- _Assignment_: Reproduce only this range: the line holding "this 1630×1037 image." through the last line of the data below, both included, exactly, with no pictures.

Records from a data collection
◆ ◆ ◆

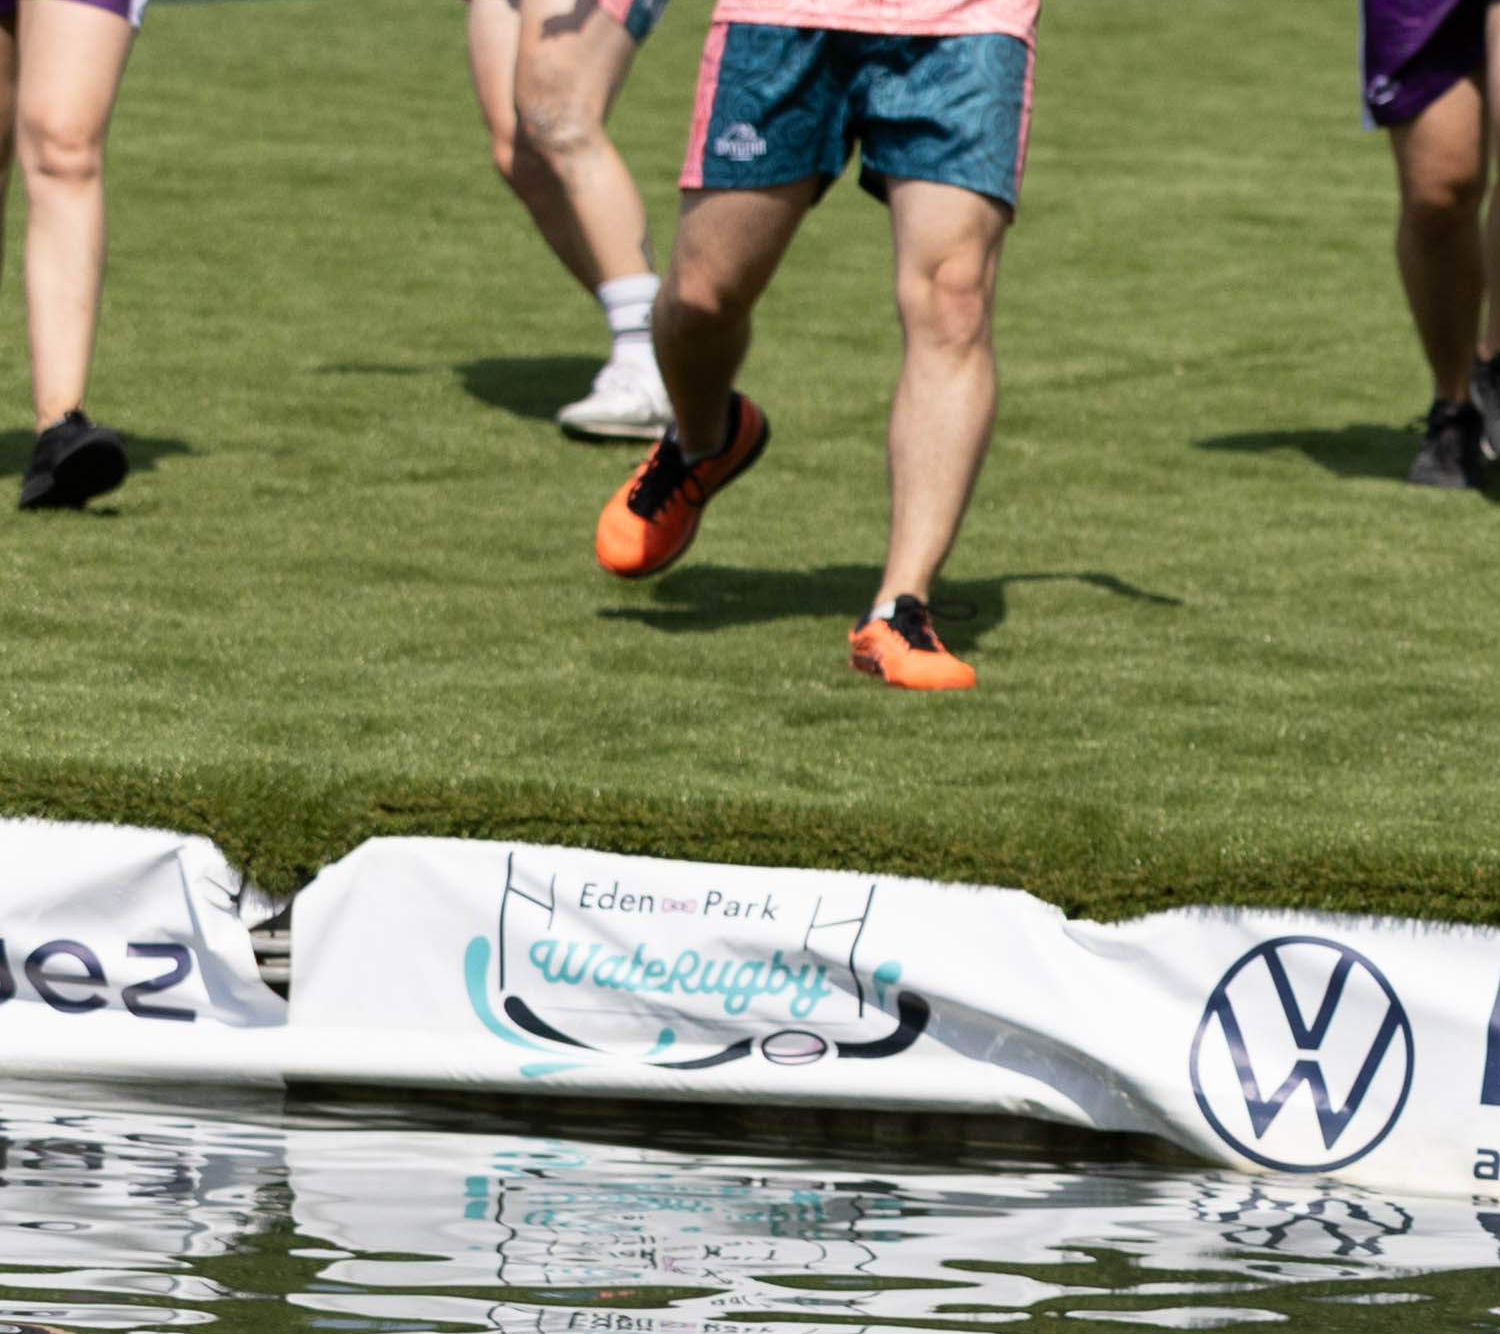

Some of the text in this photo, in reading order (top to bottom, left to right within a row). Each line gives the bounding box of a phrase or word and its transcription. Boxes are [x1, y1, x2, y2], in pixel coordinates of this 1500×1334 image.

[577, 881, 780, 922] Eden Park
[0, 937, 197, 1023] ez
[529, 938, 833, 1016] WateRugby
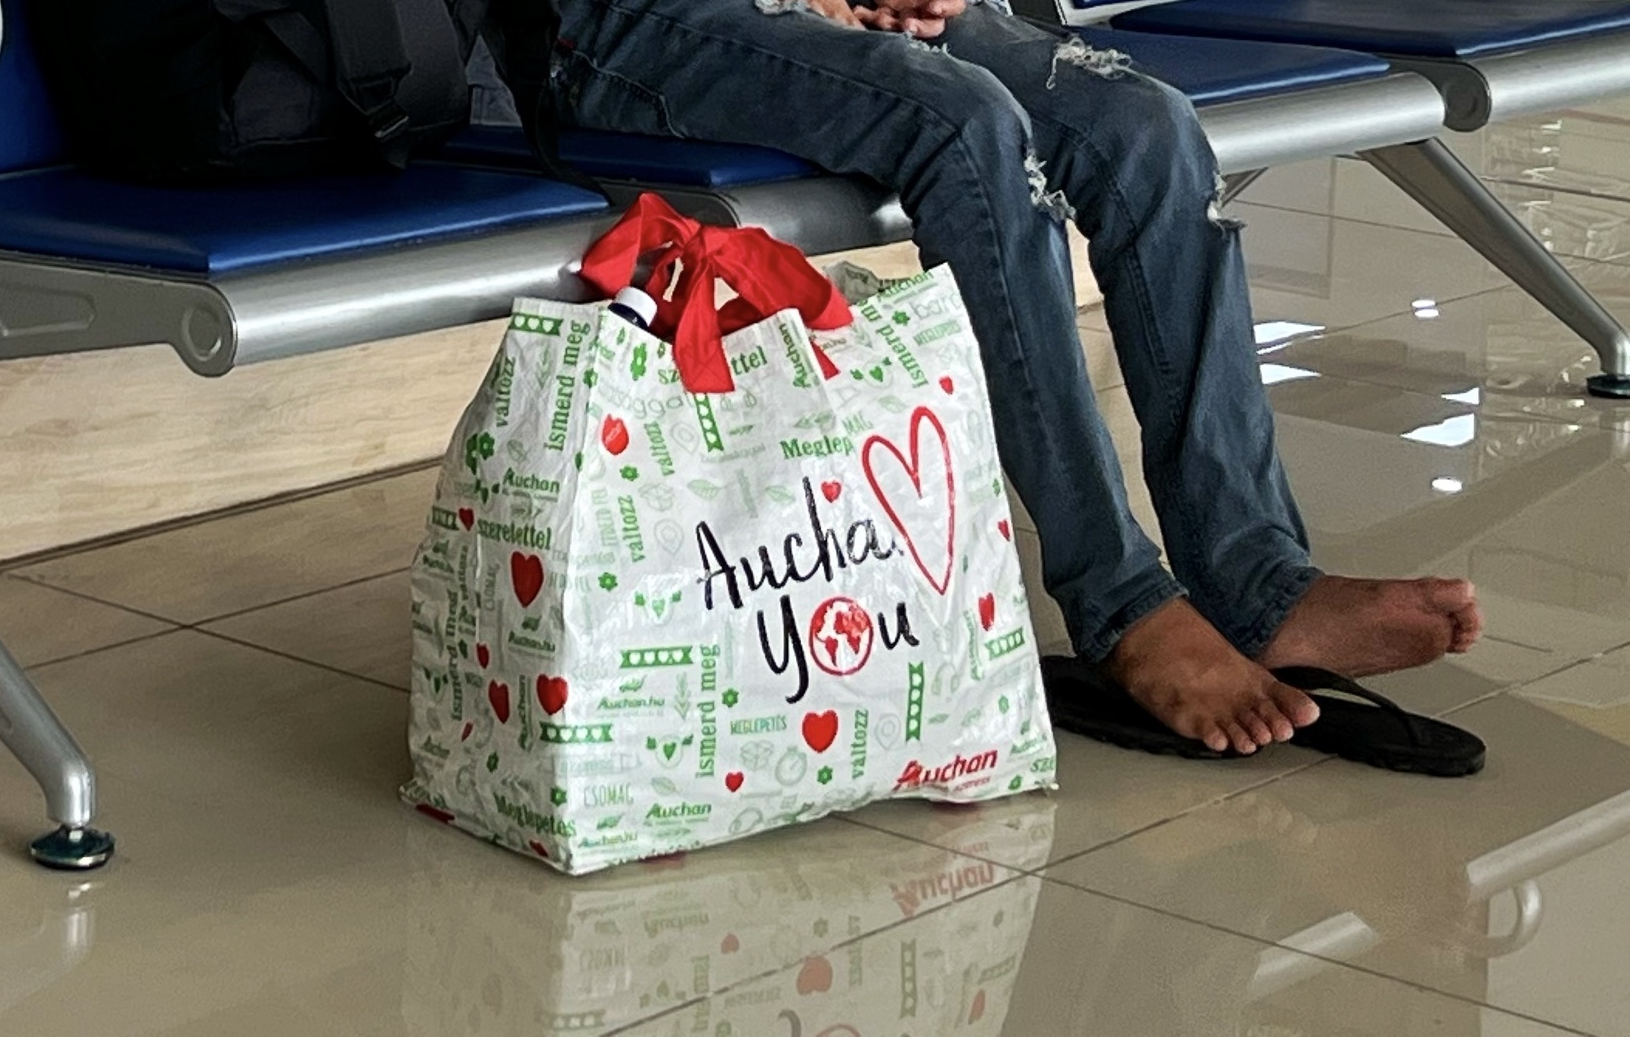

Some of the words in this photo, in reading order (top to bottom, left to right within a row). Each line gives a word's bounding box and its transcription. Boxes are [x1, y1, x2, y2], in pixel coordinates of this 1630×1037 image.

[779, 323, 812, 389] Auchan
[544, 375, 576, 452] ismerd
[563, 320, 591, 366] meg
[501, 467, 560, 494] Auchan
[700, 644, 720, 691] meg
[695, 701, 716, 779] ismerd
[892, 750, 998, 792] Auchan
[645, 801, 712, 822] Auchan
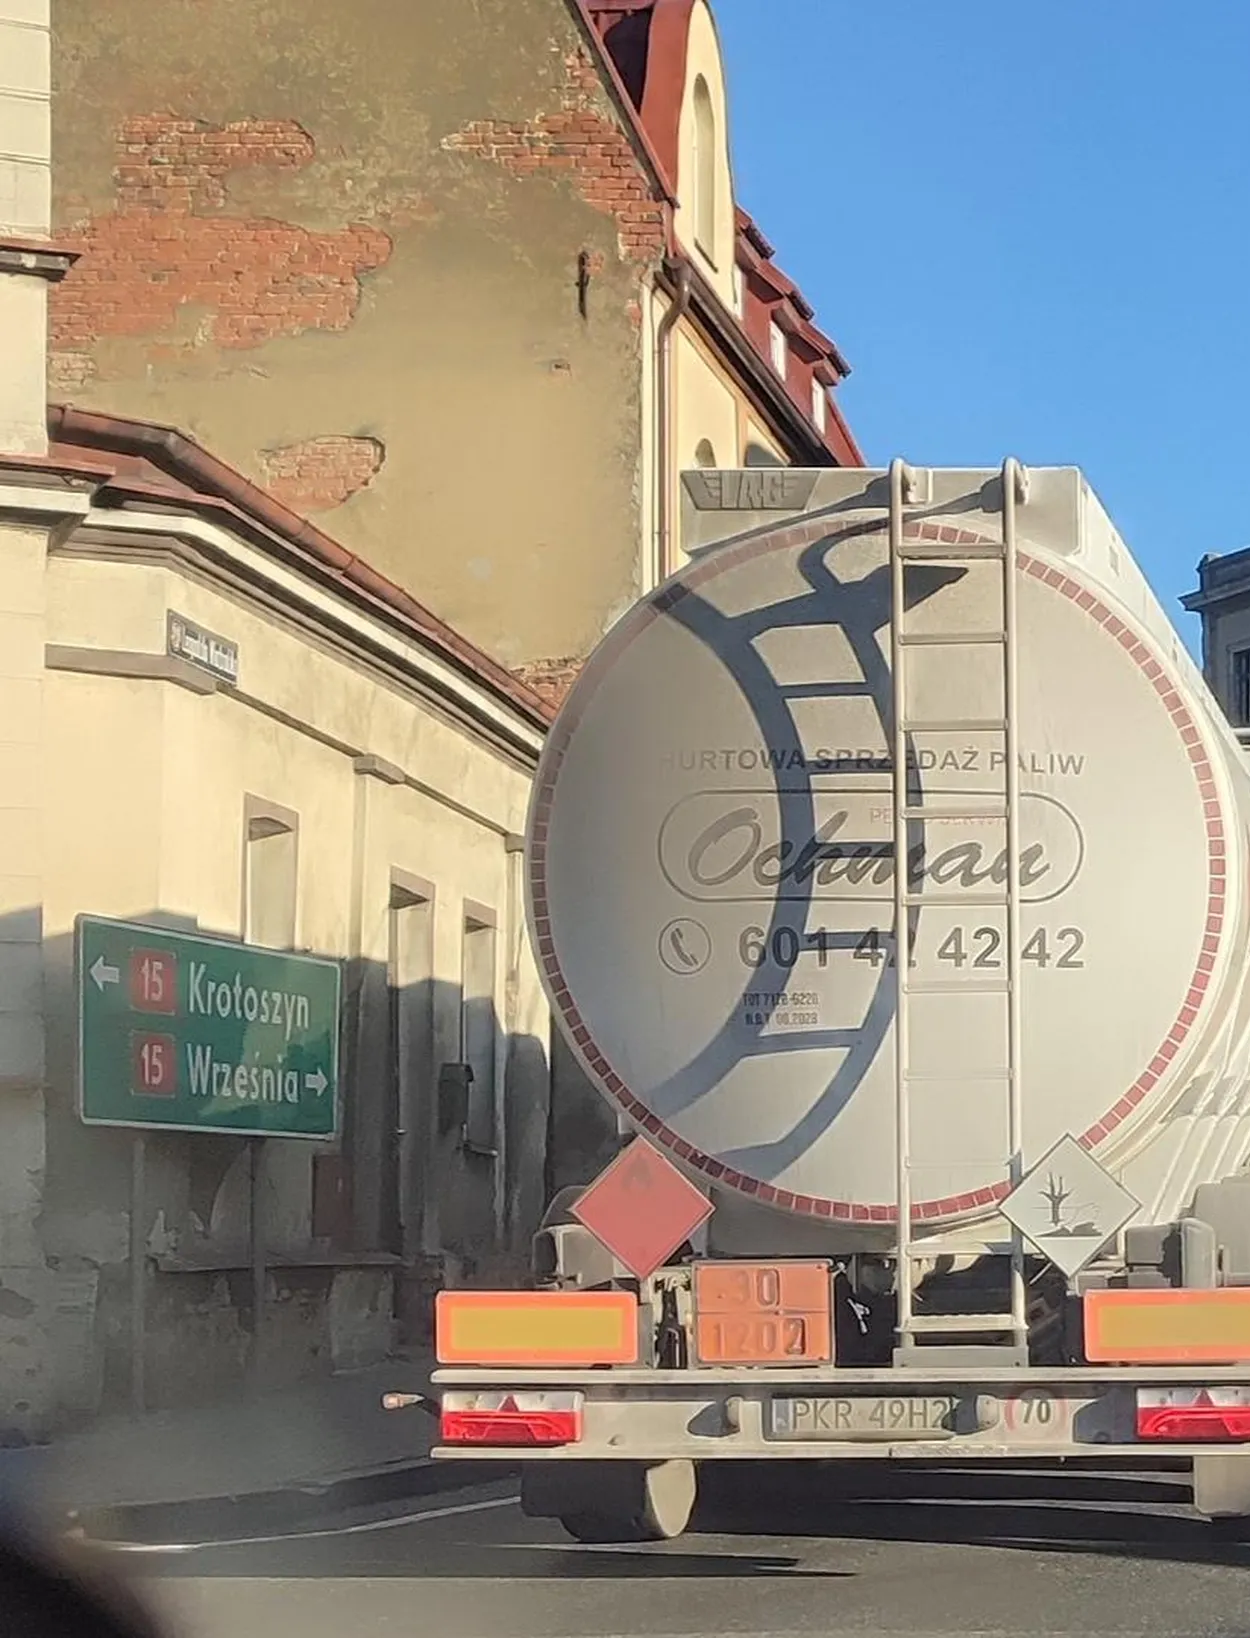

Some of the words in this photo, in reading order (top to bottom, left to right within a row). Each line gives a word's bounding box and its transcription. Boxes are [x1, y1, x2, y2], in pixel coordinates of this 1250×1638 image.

◆ ◆ ◆

- _Task response_:
Some of the words in this photo, in reading order (top to bottom, left to right within a row). Each line gives a word's bounding box and its transcription. Boxes are [x1, y1, x2, y2], in pixel coordinates of this 1630×1037 image.

[779, 323, 812, 389] Auchan
[544, 375, 576, 452] ismerd
[563, 320, 591, 366] meg
[501, 467, 560, 494] Auchan
[700, 644, 720, 691] meg
[695, 701, 716, 779] ismerd
[892, 750, 998, 792] Auchan
[645, 801, 712, 822] Auchan

Some of the words in this photo, in reading order (top to bottom, left to right within a row). Each line gives a word's bounding box and its transcription. Boxes are [x1, y1, x2, y2], in pixel coordinates of this 1250×1638 image.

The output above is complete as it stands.